Biologic Materials To Aid in Osseous Tissue Regeneration (005)

Number: 005
(Update)

Subject: Biologic Materials To Aid in Osseous Tissue Regeneration

Reviewed: March 13, 2014

Important Note

This Clinical Policy Bulletin explains how we determine whether certain services or supplies are medically necessary. We made these decisions based on a review of currently available clinical information including:

  • Clinical outcome studies in the peer-reviewed published medical and dental literature
  • Regulatory status of the technology
  • Evidence-based guidelines of public health and health research agencies
  • Evidence-based guidelines and positions of leading national health professional organizations
  • Views of physicians and dentists practicing in relevant clinical areas
  • Other relevant factors

We expressly reserve the right to revise these conclusions as clinical information changes, and welcome further relevant information.

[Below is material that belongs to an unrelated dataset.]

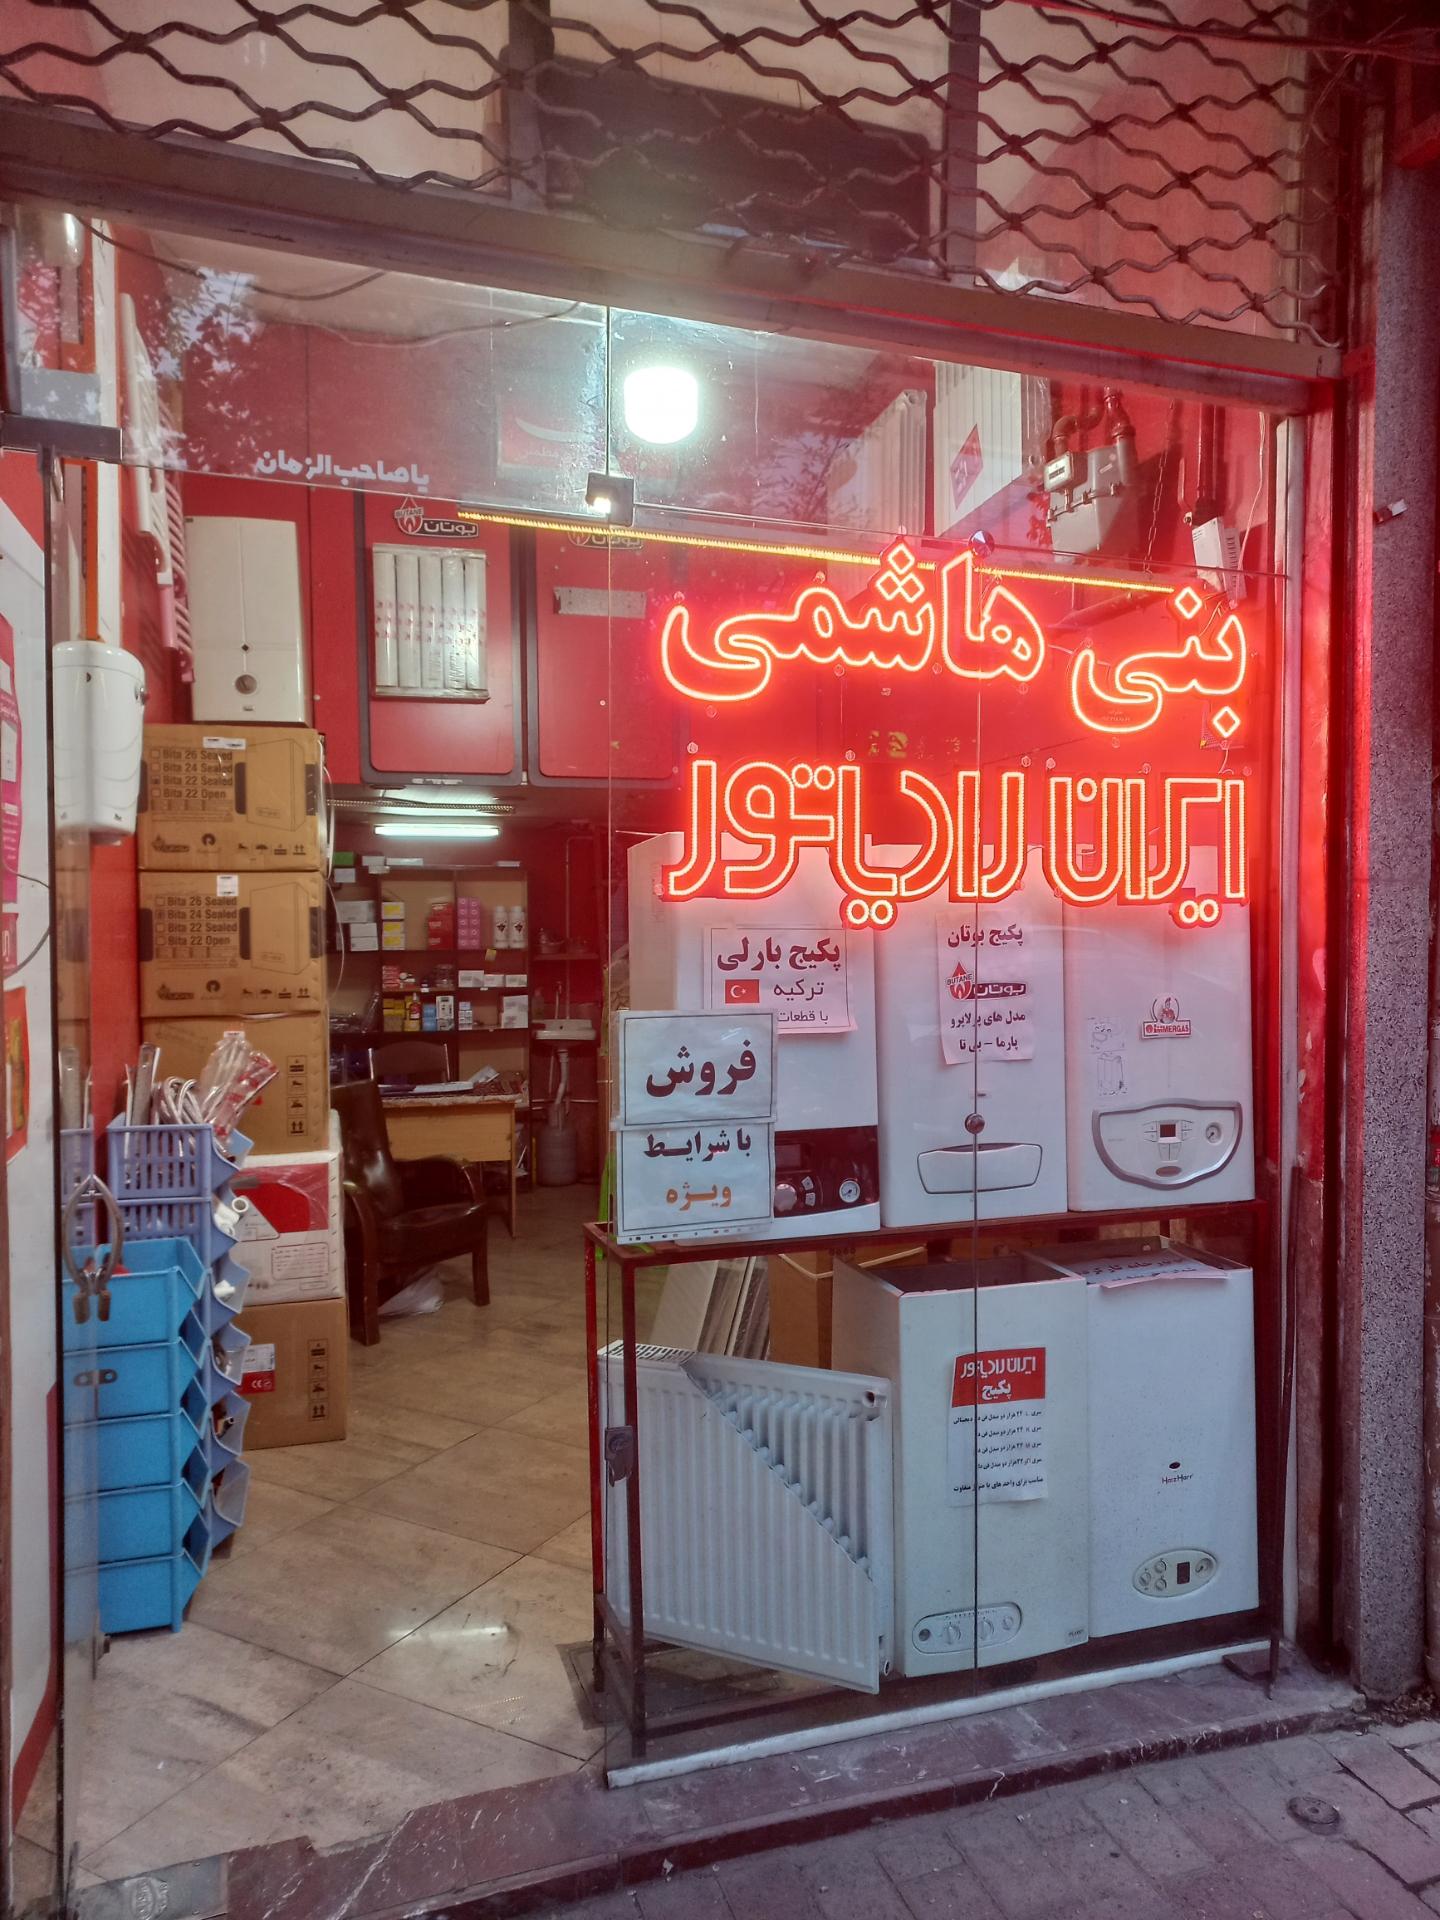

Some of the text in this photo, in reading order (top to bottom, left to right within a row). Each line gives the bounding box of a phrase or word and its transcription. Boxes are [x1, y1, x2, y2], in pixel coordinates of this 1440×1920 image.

Each benefits plan defines which services are covered, which are excluded and which are subject to dollar caps or other limits. Members and their dentists will need to consult the member's benefits plan to determine if any exclusions or other benefits limitations apply to this service or supply. The conclusion that a particular service or supply is medically necessary does not guarantee that this service or supply is covered (that is, will be paid for by Aetna) for a particular member. The member's benefits plan determines coverage. Some plans exclude coverage for services or supplies that we consider medically necessary. If there is a discrepancy between this policy and a member's plan of benefits, the benefits plan will govern. In addition, coverage may be mandated by applicable legal requirements of a state, the federal government or CMS for Medicare and Medicaid members.

Policy

We consider this surgical procedure to be dental-in-nature (DIN) oral surgery. Coverage may be available for DIN oral surgery procedures under either medical or dental plans.

Background

Enamel matrix derivative (EMD) contains a variety of hydrophobic enamel matrix proteins and is extracted from the developing embryonic enamel of porcine teeth. EMD is associated with the formation of acellular cementum and has been shown to stimulate periodontal regeneration. Studies have demonstrated the regeneration of buccal dehiscences with regeneration of cementum, periodontal ligament and alveolar bone to the extent of mimicking natural process of development.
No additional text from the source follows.